§ What this task involves
An exact reproduction of the data below is expected, free of images.
Recorded information section start
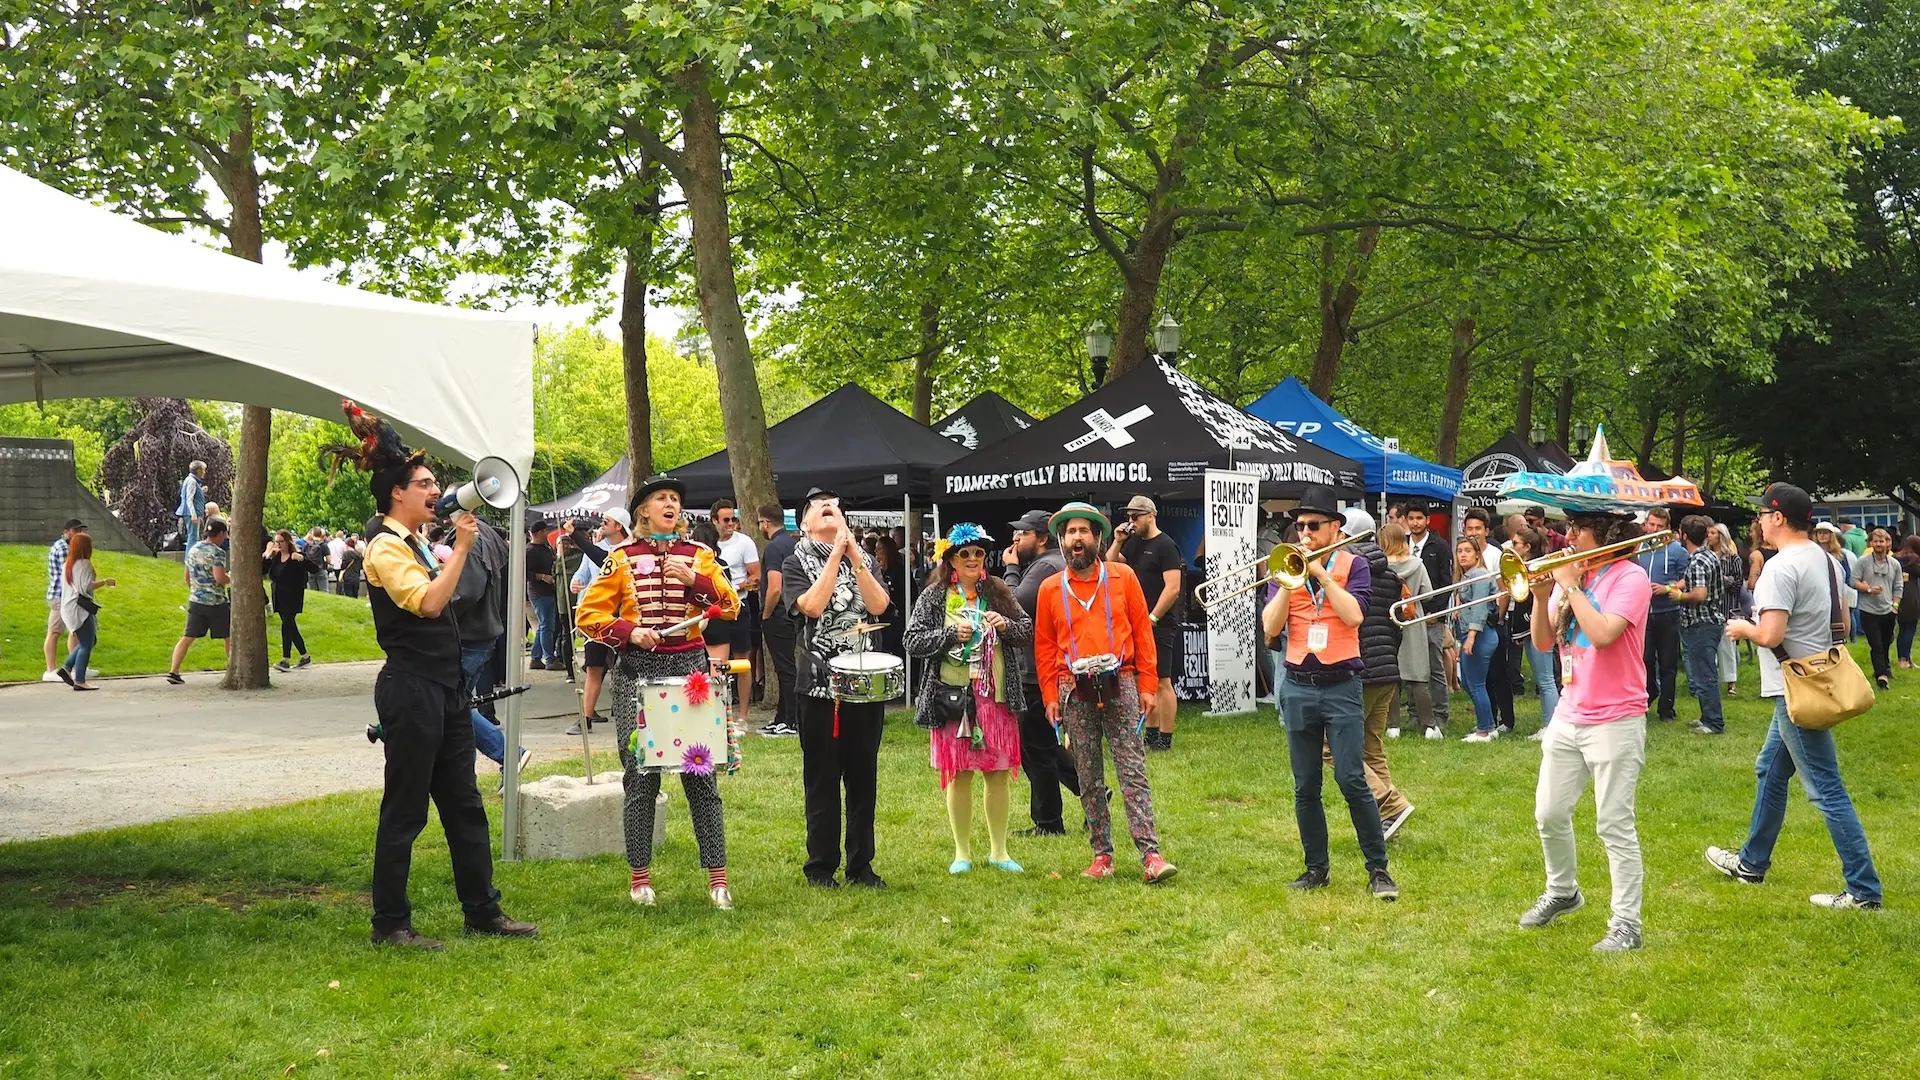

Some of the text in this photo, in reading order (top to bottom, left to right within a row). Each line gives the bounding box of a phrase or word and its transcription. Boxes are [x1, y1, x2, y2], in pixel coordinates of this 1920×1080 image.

[1070, 432, 1098, 448] FOLLY
[1235, 436, 1250, 445] 44
[1388, 442, 1398, 450] 45
[945, 474, 1013, 494] FOAMERS'
[1059, 462, 1125, 483] BREWING
[1128, 462, 1152, 482] CO.
[1392, 469, 1458, 492] CELEBRATE. EVERYDAY.
[581, 482, 628, 494] CATEGORY
[542, 508, 593, 519] CATEGORY
[1212, 504, 1244, 528] FOLLY
[1212, 528, 1228, 537] BREWING
[1184, 654, 1209, 678] FOLL
Recorded information section end
§ Worked solution
Some of the text in this photo, in reading order (top to bottom, left to right within a row). Each line gives the bounding box of a phrase or word and its transcription. Boxes are [x1, y1, x2, y2], in pixel coordinates of this 1920×1080 image.

[1070, 432, 1098, 448] FOLLY
[1235, 436, 1250, 445] 44
[1388, 442, 1398, 450] 45
[945, 474, 1013, 494] FOAMERS'
[1059, 462, 1125, 483] BREWING
[1128, 462, 1152, 482] CO.
[1392, 469, 1458, 492] CELEBRATE. EVERYDAY.
[581, 482, 628, 494] CATEGORY
[542, 508, 593, 519] CATEGORY
[1212, 504, 1244, 528] FOLLY
[1212, 528, 1228, 537] BREWING
[1184, 654, 1209, 678] FOLL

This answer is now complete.